The bug was discovered in July and disclosed that month to maintainers of all libraries, the Rust Foundation, and a certain number of projects. It was agreed details wouldn’t be released until this week.
Because the most popular fork (tokio-tar, with over 5 million downloads on crates.io) appears to be no longer actively maintained, Edera co-ordinated a decentralized disclosure across the complex fork lineage.
Possible consequences
The vulnerability is a desynchronization flaw that allows an attacker to ‘smuggle’ additional archive entries into TAR extractions, says Edera. It occurs when processing nested TAR files that exhibit a specific mismatch between their PAX extended headers and ustar headers. The flaw stems from the parser’s inconsistent logic when determining file data boundaries.

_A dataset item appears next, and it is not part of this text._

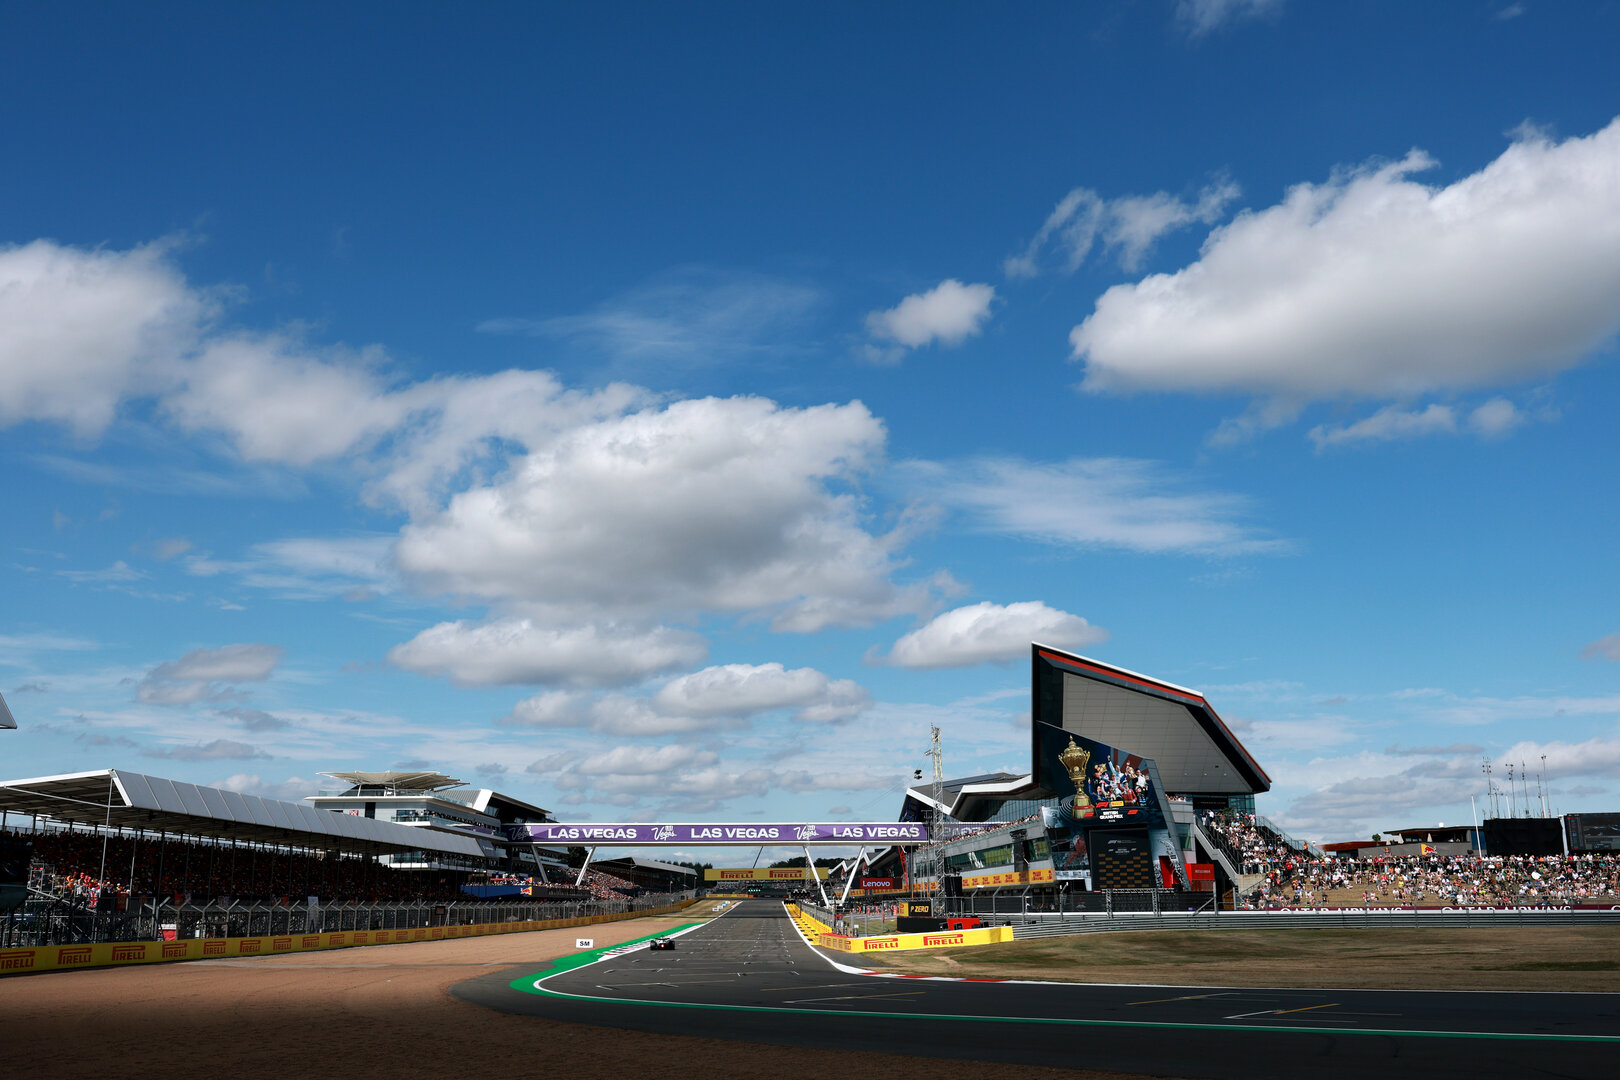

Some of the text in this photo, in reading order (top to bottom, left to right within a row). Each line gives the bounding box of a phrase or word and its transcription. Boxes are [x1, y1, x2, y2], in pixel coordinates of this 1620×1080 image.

Among the possible infection scenarios painted by Edera are
- an attack on Python package managers using tokio-tar. An attacker uploads a malicious package to the open source PyPI repository, from which developers download useful utilities. The package’s outer TAR container has a legitimate file but the hidden inner TAR contains a malicious one that hijacks the build backend. This hidden inner TAR introduces unexpected or overwritten files, which compromises the test environment and pollutes the supply chain;
- an attack on any system with separate ‘scan/approve’ phases. A security scanner analyzes the outer, clean TAR and approves its limited file set. However, the extraction process using the vulnerable library pulls in additional, unapproved, and unscanned files from the inner TAR, resulting in a security control bypass and policy violation.
Rust developers say the language allows the creation of memory-safe applications, but, say Edera researchers, “the discovery of TARmageddon is an important reminder that Rust is not a silver bullet.”
“It does not eliminate logic bugs,” the report points out, “and this parsing inconsistency is fundamentally a logic flaw. Developers must remain vigilant against all classes of vulnerabilities, regardless of the language used.”
The report is also a reminder of the hazards of relying on unmaintained open source libraries in code.